Hoy aparece un entretejido entre policía, política, delito y narcotráfico que ni se vislumbraba entonces, y que confirma que no estamos frente a un fenómeno de bronca social pasajero. Por el contrario, nos encontramos frente a una reestructuración de nuestras bases sociales, que augura problemas graves mucho más allá del fin de año.
Tan malo como esto es la negación de lo ocurrido. Doy sólo un ejemplo: la justicia probó hace unos años que el recaudador de campaña del Frente para la Victoria –nada menos- pertenecía a la "mafia de los medicamentos", pero el oficialismo actúa ignorando el significado del hecho.
Mientras la moral política dominante sea compatible con este tipo de negaciones, no tiene sentido seguir escuchando discursos sobre el tema: no hay salida.
La segunda cuestión que mencionaría es la siguiente.
El oficialismo eligió al dinero como medio para relacionarse con las distintas clases sociales: a los pobres les da planes sociales, a la clase media la subsidia y con los ricos hace y se reparte negocios.
El Gobierno se asombra de no recibir agradecimiento eterno por ello. Pero es sabido: el dinero genera mayores demandas de dinero.
Es el buen trato –el respeto al otro como un ser moralmente digno- lo que genera agradecimiento.
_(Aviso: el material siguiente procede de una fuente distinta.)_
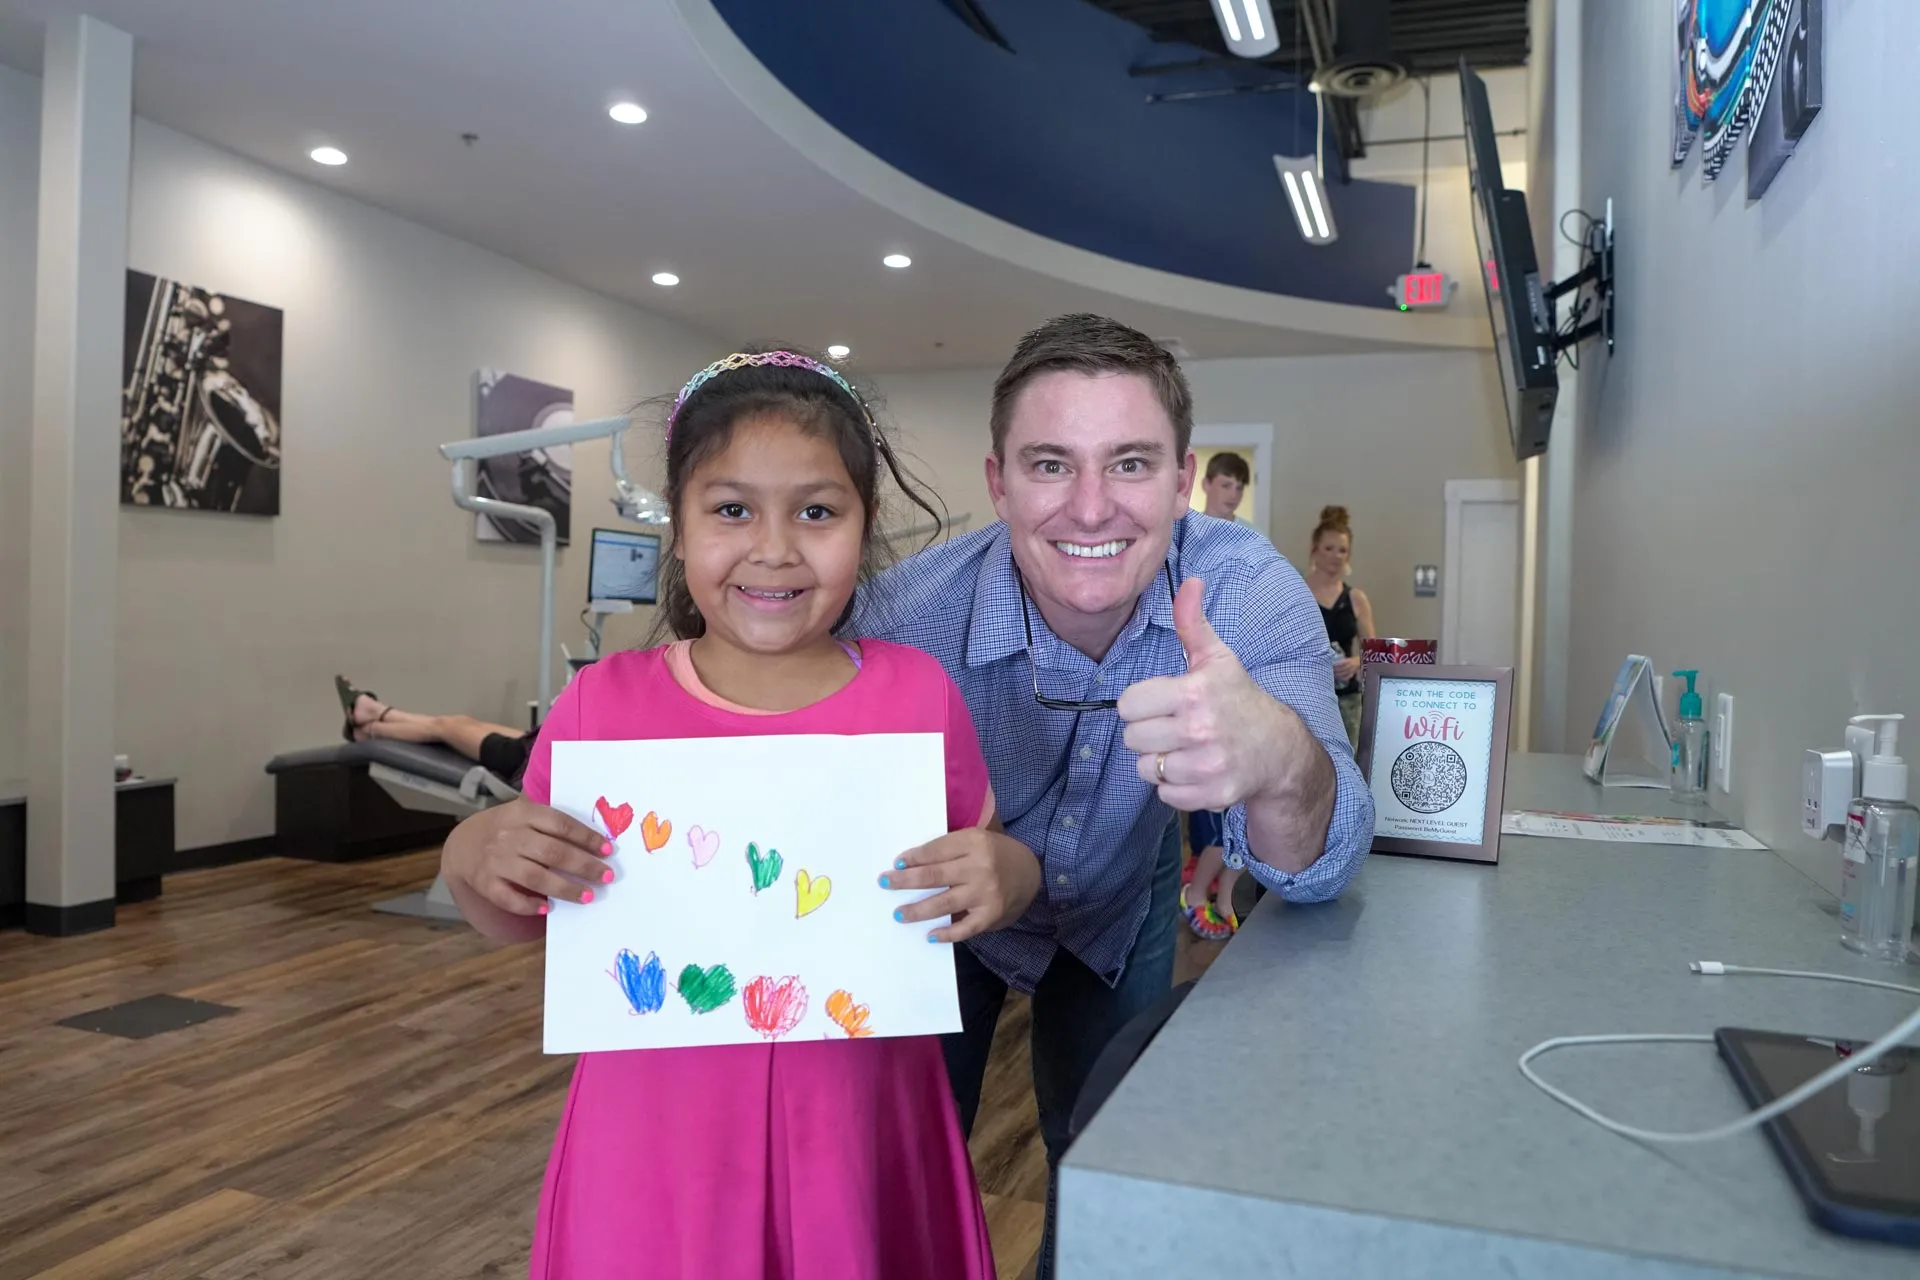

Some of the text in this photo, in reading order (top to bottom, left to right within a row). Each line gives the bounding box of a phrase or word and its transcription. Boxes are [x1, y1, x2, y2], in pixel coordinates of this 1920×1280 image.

[1405, 273, 1443, 304] EXIT
[1396, 689, 1476, 699] SCAN THE CODE
[1395, 700, 1477, 710] TO CONNECT TO
La concepción patrimonial de la relación Estado-sociedad, que el Gobierno ha puesto en juego, resultó, por lo dicho, socialmente muy dañina: el Gobierno se muestra perplejo por no recibir los aplausos que cree que merece, mientras deja que el tejido social se deshilache por el peso enorme de consistentes maltratos. Maltrato cada vez que se toma un tren, cuando falta el gas en invierno y la luz en verano, cuando llueve y la ciudad se inunda, cuando los gobernantes se enriquecen en sus contratos con empresarios y hablan de "negocios entre privados." Maltratos coronados, para peor, con una impunidad manifiesta.
El Gobierno no lo admitirá nunca, pero hace tiempo que la impunidad y el maltrato distinguen a la educación social que se promueve desde el Estado: nos alimentamos con ello. Sin asumir nunca la existencia de causas únicas, no dudaría en decir que la violencia social que hoy circula se encuentra, en buena medida, en diálogo estrecho con el maltrato que recibimos desde el Estado.
Sin necesidad de caer en reduccionismos, sostendría que la legitimidad que los violentos sienten para sus estragos se afirma en la impunidad que el poder se arroga para sus propios actos.